Problem description: Copy the listing that follows, line for line, without a single difference.

*** Block opens ***

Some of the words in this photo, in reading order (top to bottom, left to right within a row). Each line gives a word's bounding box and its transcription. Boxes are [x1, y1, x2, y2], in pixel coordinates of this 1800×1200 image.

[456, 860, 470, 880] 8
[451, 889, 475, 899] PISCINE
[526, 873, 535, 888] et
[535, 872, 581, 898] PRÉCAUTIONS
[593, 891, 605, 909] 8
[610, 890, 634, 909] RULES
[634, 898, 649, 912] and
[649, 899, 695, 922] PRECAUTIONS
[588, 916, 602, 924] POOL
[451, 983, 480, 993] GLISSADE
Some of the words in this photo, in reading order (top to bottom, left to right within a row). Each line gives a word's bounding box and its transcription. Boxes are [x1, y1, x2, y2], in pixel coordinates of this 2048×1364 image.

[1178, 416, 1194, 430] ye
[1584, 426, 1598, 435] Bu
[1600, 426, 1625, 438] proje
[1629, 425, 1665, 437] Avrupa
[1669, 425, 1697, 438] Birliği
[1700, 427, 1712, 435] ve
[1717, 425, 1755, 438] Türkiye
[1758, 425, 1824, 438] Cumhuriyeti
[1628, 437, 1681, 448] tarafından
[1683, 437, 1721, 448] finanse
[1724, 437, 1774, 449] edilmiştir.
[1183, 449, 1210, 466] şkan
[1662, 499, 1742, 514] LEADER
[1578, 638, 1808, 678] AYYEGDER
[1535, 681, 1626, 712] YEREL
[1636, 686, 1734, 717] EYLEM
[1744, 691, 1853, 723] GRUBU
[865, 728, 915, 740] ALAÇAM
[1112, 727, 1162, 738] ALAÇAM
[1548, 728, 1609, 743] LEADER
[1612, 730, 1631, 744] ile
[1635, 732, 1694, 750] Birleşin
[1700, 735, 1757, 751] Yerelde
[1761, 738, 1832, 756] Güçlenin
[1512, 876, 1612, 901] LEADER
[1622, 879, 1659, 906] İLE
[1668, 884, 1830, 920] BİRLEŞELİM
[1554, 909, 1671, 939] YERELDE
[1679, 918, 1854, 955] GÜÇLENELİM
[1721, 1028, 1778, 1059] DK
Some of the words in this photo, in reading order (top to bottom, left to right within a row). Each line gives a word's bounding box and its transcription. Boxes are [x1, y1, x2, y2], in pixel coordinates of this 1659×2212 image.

*** Block closes ***

Reply:
Some of the words in this photo, in reading order (top to bottom, left to right within a row). Each line gives a word's bounding box and its transcription. Boxes are [x1, y1, x2, y2], in pixel coordinates of this 1800×1200 image.

[456, 860, 470, 880] 8
[451, 889, 475, 899] PISCINE
[526, 873, 535, 888] et
[535, 872, 581, 898] PRÉCAUTIONS
[593, 891, 605, 909] 8
[610, 890, 634, 909] RULES
[634, 898, 649, 912] and
[649, 899, 695, 922] PRECAUTIONS
[588, 916, 602, 924] POOL
[451, 983, 480, 993] GLISSADE
Some of the words in this photo, in reading order (top to bottom, left to right within a row). Each line gives a word's bounding box and its transcription. Boxes are [x1, y1, x2, y2], in pixel coordinates of this 2048×1364 image.

[1178, 416, 1194, 430] ye
[1584, 426, 1598, 435] Bu
[1600, 426, 1625, 438] proje
[1629, 425, 1665, 437] Avrupa
[1669, 425, 1697, 438] Birliği
[1700, 427, 1712, 435] ve
[1717, 425, 1755, 438] Türkiye
[1758, 425, 1824, 438] Cumhuriyeti
[1628, 437, 1681, 448] tarafından
[1683, 437, 1721, 448] finanse
[1724, 437, 1774, 449] edilmiştir.
[1183, 449, 1210, 466] şkan
[1662, 499, 1742, 514] LEADER
[1578, 638, 1808, 678] AYYEGDER
[1535, 681, 1626, 712] YEREL
[1636, 686, 1734, 717] EYLEM
[1744, 691, 1853, 723] GRUBU
[865, 728, 915, 740] ALAÇAM
[1112, 727, 1162, 738] ALAÇAM
[1548, 728, 1609, 743] LEADER
[1612, 730, 1631, 744] ile
[1635, 732, 1694, 750] Birleşin
[1700, 735, 1757, 751] Yerelde
[1761, 738, 1832, 756] Güçlenin
[1512, 876, 1612, 901] LEADER
[1622, 879, 1659, 906] İLE
[1668, 884, 1830, 920] BİRLEŞELİM
[1554, 909, 1671, 939] YERELDE
[1679, 918, 1854, 955] GÜÇLENELİM
[1721, 1028, 1778, 1059] DK
Some of the words in this photo, in reading order (top to bottom, left to right within a row). Each line gives a word's bounding box and its transcription. Boxes are [x1, y1, x2, y2], in pixel coordinates of this 1659×2212 image.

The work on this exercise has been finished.